Parsifal reapareció el verano siguiente, con su inventario de historias y su manera mágica de hacerlas cobrar vida para nosotros, y luego no volvimos a verlo hasta pasado mucho tiempo. Fueron años excepcionalmente nublados pero con lluvias escasas durante los que interrogué sin descanso a todos por el narrador, su procedencia, si tenía hijos, cuándo regresaría, pero aquello que atormentaba mi corazón, si aceptaría llevarme con él, nunca me atreví a preguntarlo. A pesar de mi corta edad algo me advertía que era un tema peligroso. No llegaban viajeros a Nueva Esperanza, confinada al norte por el páramo y al sur por el desierto, y la mera existencia de otros asentamientos era una conjetura. Y sobretodo, estaba prohibido marcharse; los pocos que huían del poblado, nunca regresaban. Los Ancianos predicaban que éramos los Elegidos, y para sobrevivir debíamos mantenernos puros. A pesar de no averiguar nada, y de que los años transcurrían con lentitud, nunca perdí la esperanza.

Hasta que un día regresó. Yo acababa de convertirme en mujer, aunque me seguían tratando como a una niña. Había sangrado por primera vez al inicio de la primavera, y antes de que terminara la estación, Parsifal reapareció; era igual que lo recordaba,  como si no hubiera pasado el tiempo. Llegó al anochecer, caminando desde el páramo y solicitó refugio y ofreció sus servicios como si lo hubiera hecho la noche anterior. Una facción de los Ancianos desconfiaba, y quiso prohibirle la entrada, pero no llovía desde el otoño pasado y la bomba del único pozo que no se había secado renqueaba cada día más. Tras una larga deliberación, le permitieron quedarse hasta que reparara el pozo, pero pusieron como condición que no se acercara a los niños. Claro que eso no me afectaba a mí, que era ya una mujer. Fui de los pocos que lo acompañó toda la noche, ayudándole con las reparaciones que fueron surgiendo y con los enfermos que acudían. Un muchacho que me pretendía también estaba allí, pero a mí solo me importaba Parsifal. Era tan  hermoso, con sus cabellos oscuros y su tez pálida, con aquellos labios que me habían enamorado desde que le escuchara por primera vez. A la luz de los candiles me pareció que su belleza tenía una cualidad etérea, inmaterial, como si procediera de otro mundo donde las miserias y esclavitudes de la vida en el poblado fueran desconocidas.

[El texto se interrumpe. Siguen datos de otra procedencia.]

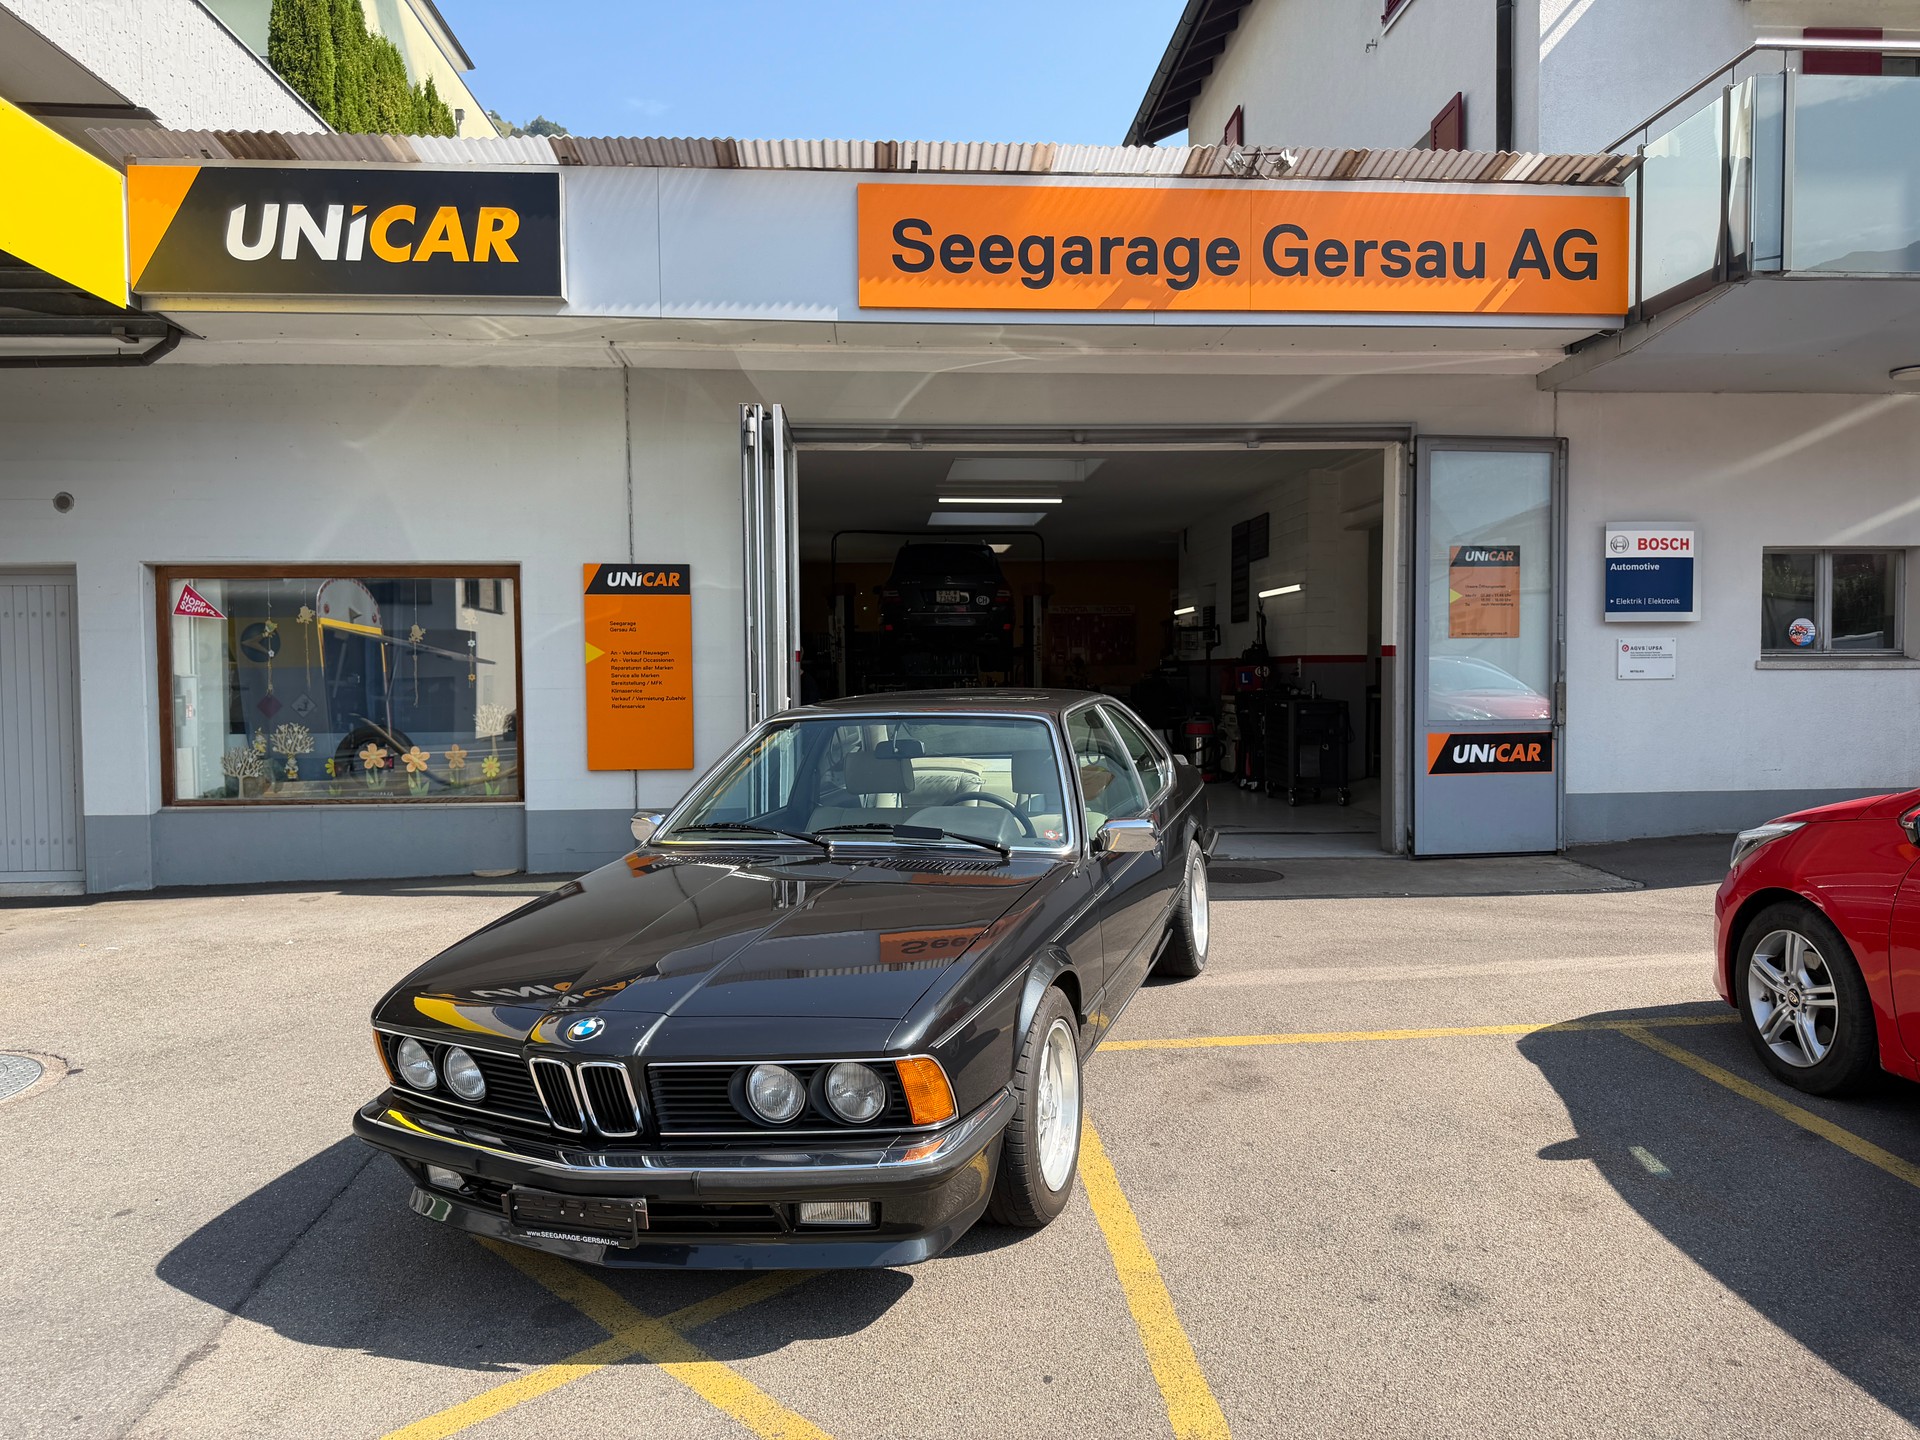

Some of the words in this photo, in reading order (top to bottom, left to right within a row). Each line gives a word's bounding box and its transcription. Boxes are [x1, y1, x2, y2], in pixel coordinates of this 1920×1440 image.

[892, 218, 1241, 290] Seegarage
[1262, 223, 1486, 280] Gersau
[1507, 228, 1598, 281] AG
[1637, 537, 1690, 551] BOSCH
[1610, 562, 1660, 571] Automotive
[183, 592, 206, 607] HOPP
[1616, 597, 1642, 605] Elektrik
[1647, 597, 1680, 605] Elektronik
[180, 601, 216, 617] SCHWYZ

El temor de que aquella fuera mi última oportunidad me hicieron audaz e imprudente. Entre susurros le abrí mi corazón, le rogué que me llevara consigo, y él, de habitual tan seguro, pareció vacilar. Luego dijo que se acordaba de mí, la niña de ojos centelleantes que escuchaba sus relatos sin pestañear. Añadió que veía un gran potencial en mí, que era una de las razones por las que había venido desde muy lejos. El corazón galopaba en mi pecho y por eso la decepción fue mayor cuando dijo que no podía ir con él, que aunque su aspecto juvenil lo desmintiera, tenía muchos años, estaba cansado y cada vez le costaba más reunir la energía suficiente para viajar.  

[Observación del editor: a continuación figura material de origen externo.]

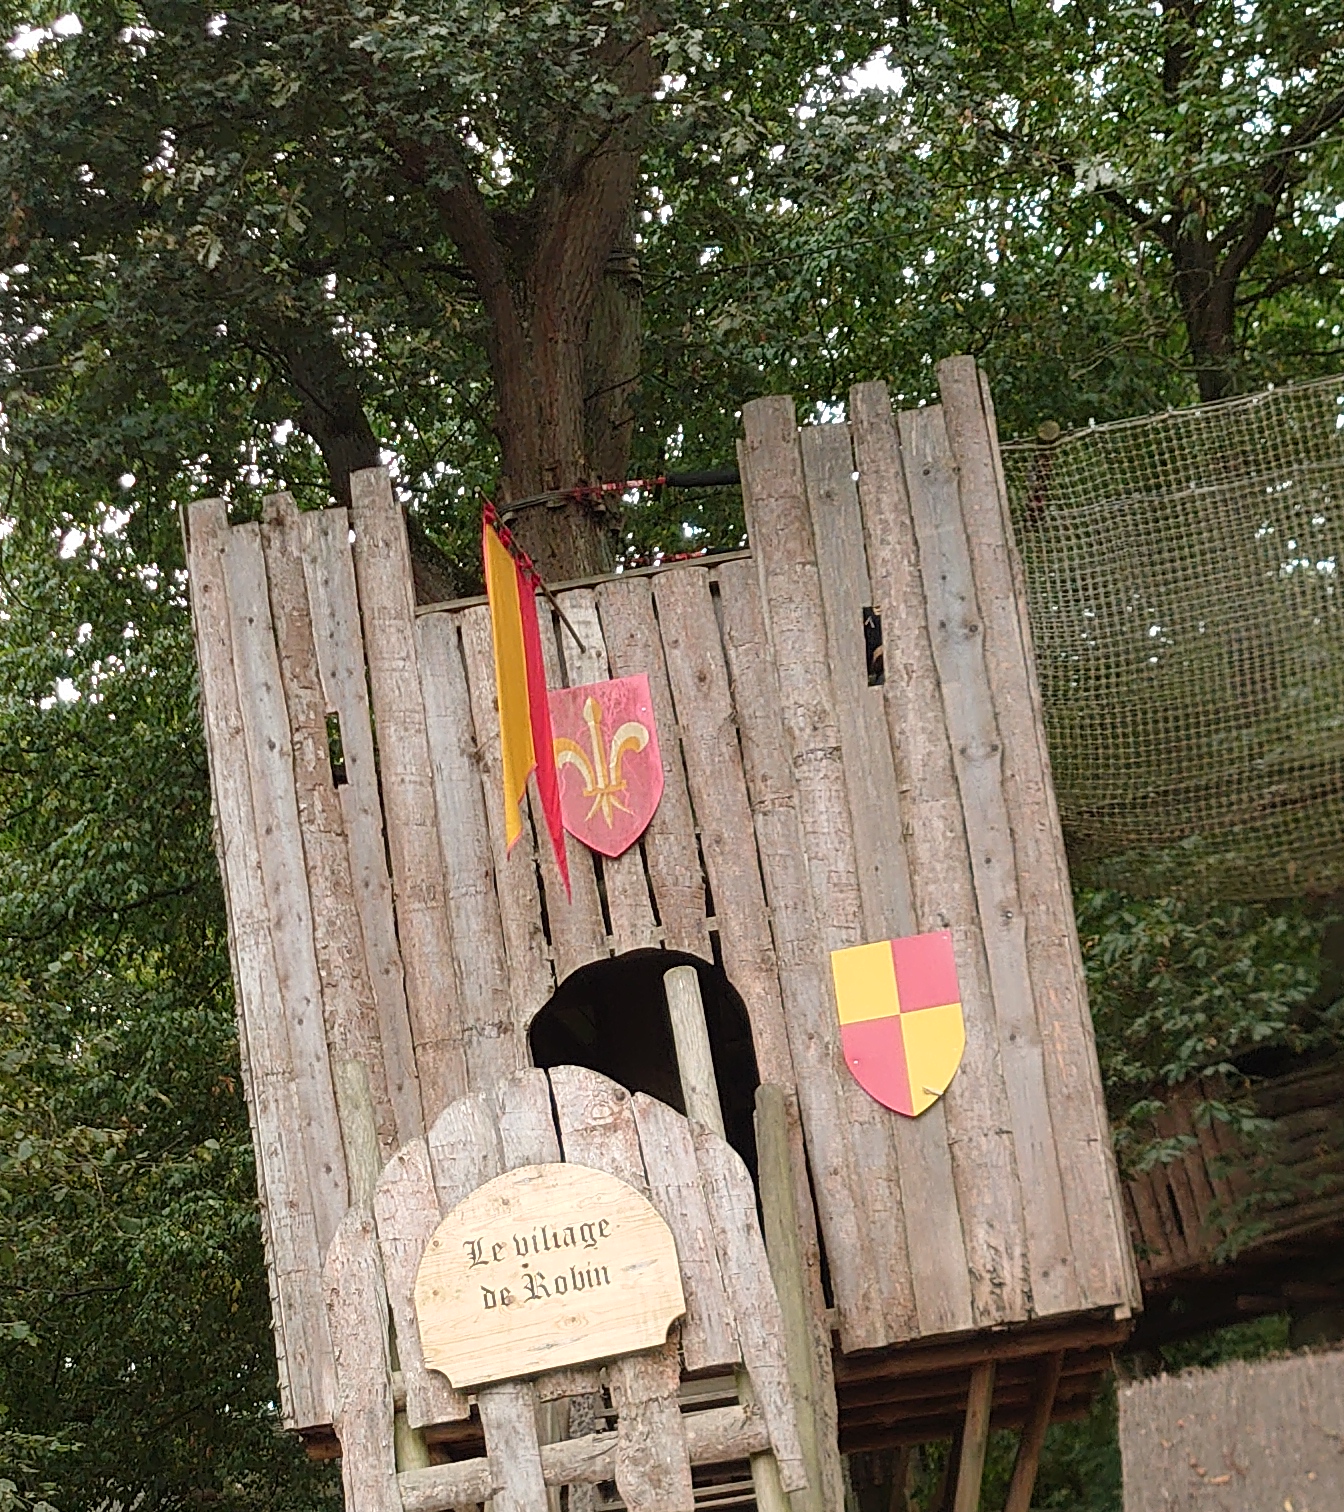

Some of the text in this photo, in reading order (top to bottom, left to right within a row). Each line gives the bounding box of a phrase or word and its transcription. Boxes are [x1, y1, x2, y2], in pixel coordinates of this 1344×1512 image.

[463, 1237, 505, 1269] Le
[480, 1262, 610, 1309] de Robin

Yo no podía aceptarlo, no después de haber esperado tanto tiempo y de las cosas tan conmovedoras que me había dicho. Supliqué, le prometí que nunca escucharía de mi una queja, y cuando quedó claro que no se conmovía, casi grité que le seguiría con o sin su consentimiento. De repente, el chico al que yo gustaba salió de la cabaña con urgencia; en aquel momento ni se me pasó por la cabeza que lo hubiera escuchado todo. El narrador me miró con tristeza y dijo que no sabía lo que estaba pidiéndole, que no lo conocía, que no le quedaba mucho tiempo. Le susurré, recobrada la cautela, que no me importaba, qué prefería eso a una eternidad sin él.